BEGIN THE DATA

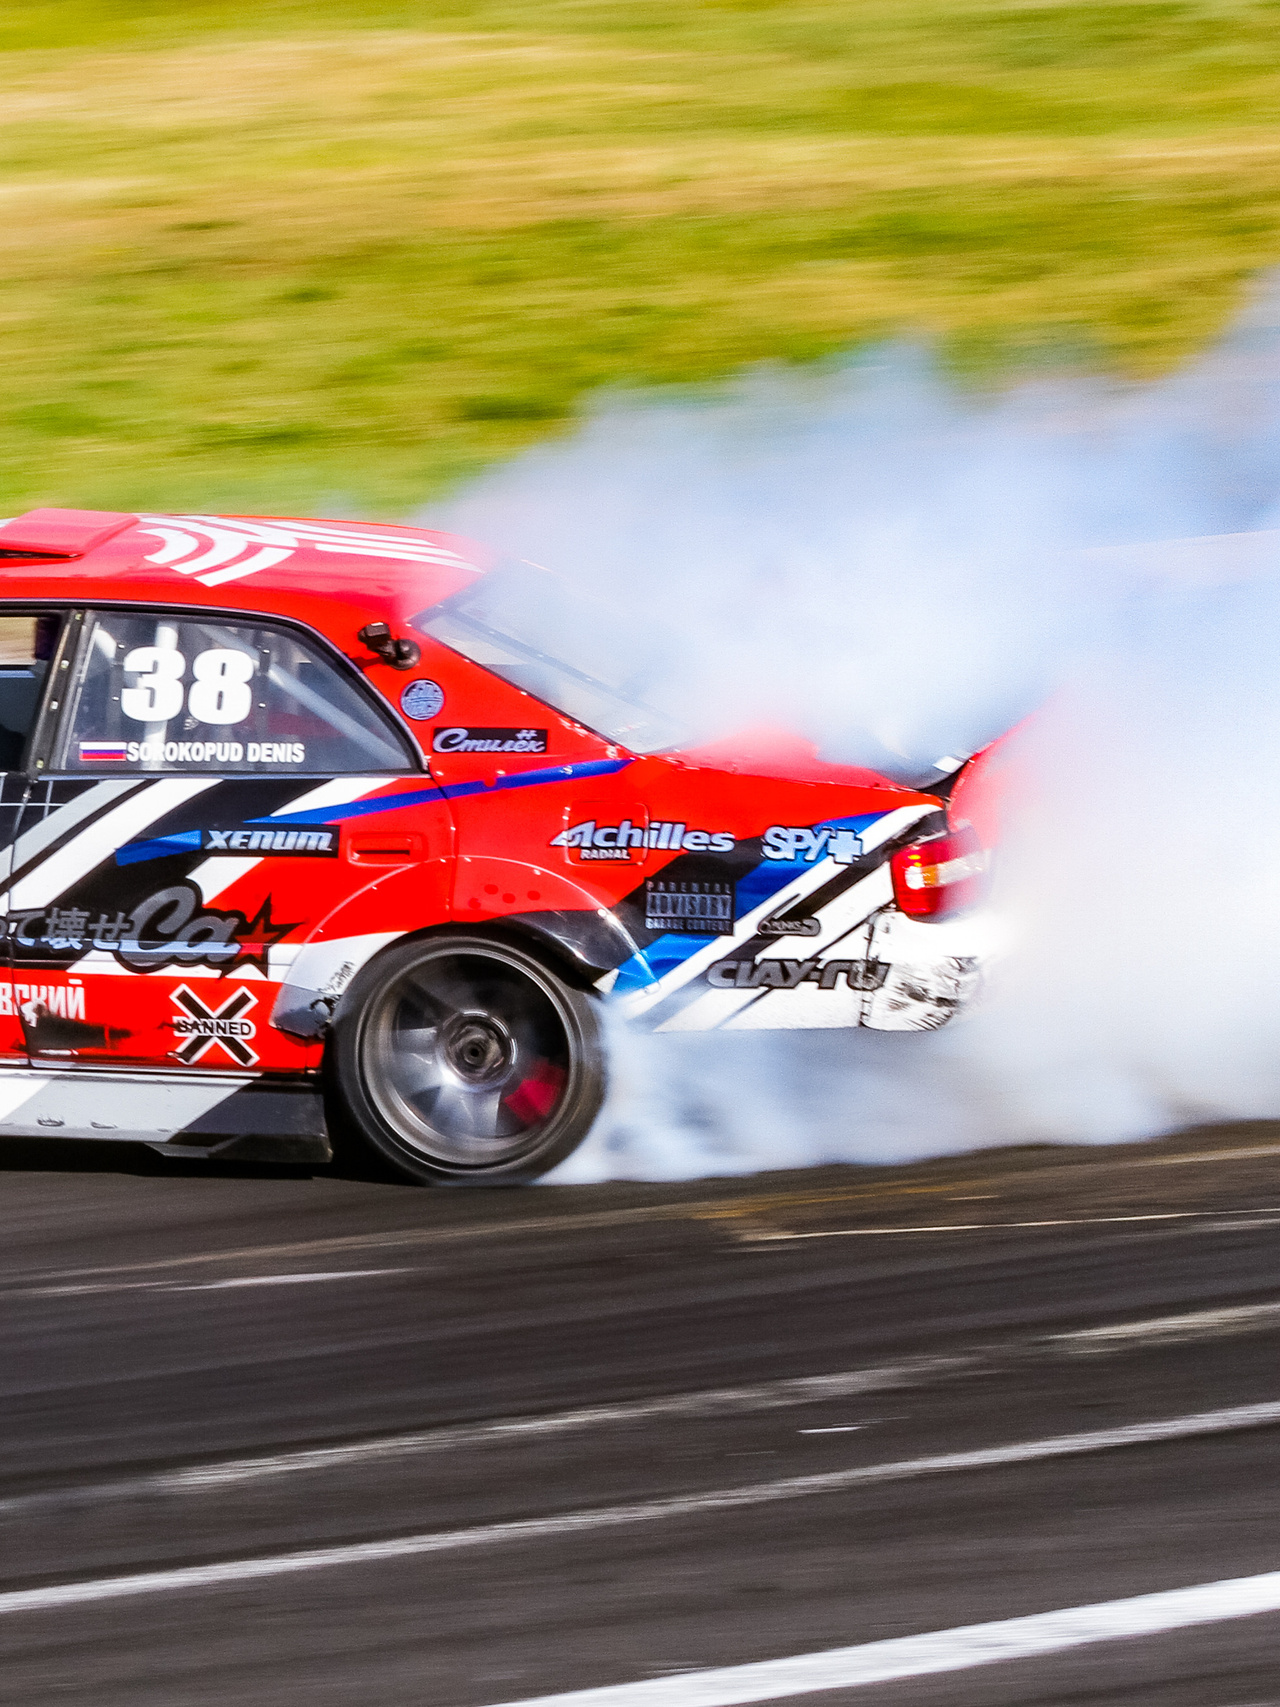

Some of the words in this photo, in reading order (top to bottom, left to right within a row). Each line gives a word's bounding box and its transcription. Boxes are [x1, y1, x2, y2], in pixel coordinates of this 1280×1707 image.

[121, 646, 255, 725] 38
[126, 742, 243, 762] SOROKOPUD
[247, 743, 305, 763] DENIS
[549, 820, 736, 852] Achilles
[580, 849, 631, 861] RADIAL
[646, 881, 731, 894] PARENTAL

END THE DATA

* [WHAT YOU HAVE TO DO]:
Restate all of the data word for word and include no pictures.

* [ANSWER TO THIS PROBLEM]:
Some of the words in this photo, in reading order (top to bottom, left to right within a row). Each line gives a word's bounding box and its transcription. Boxes are [x1, y1, x2, y2], in pixel coordinates of this 1280×1707 image.

[121, 646, 255, 725] 38
[126, 742, 243, 762] SOROKOPUD
[247, 743, 305, 763] DENIS
[549, 820, 736, 852] Achilles
[580, 849, 631, 861] RADIAL
[646, 881, 731, 894] PARENTAL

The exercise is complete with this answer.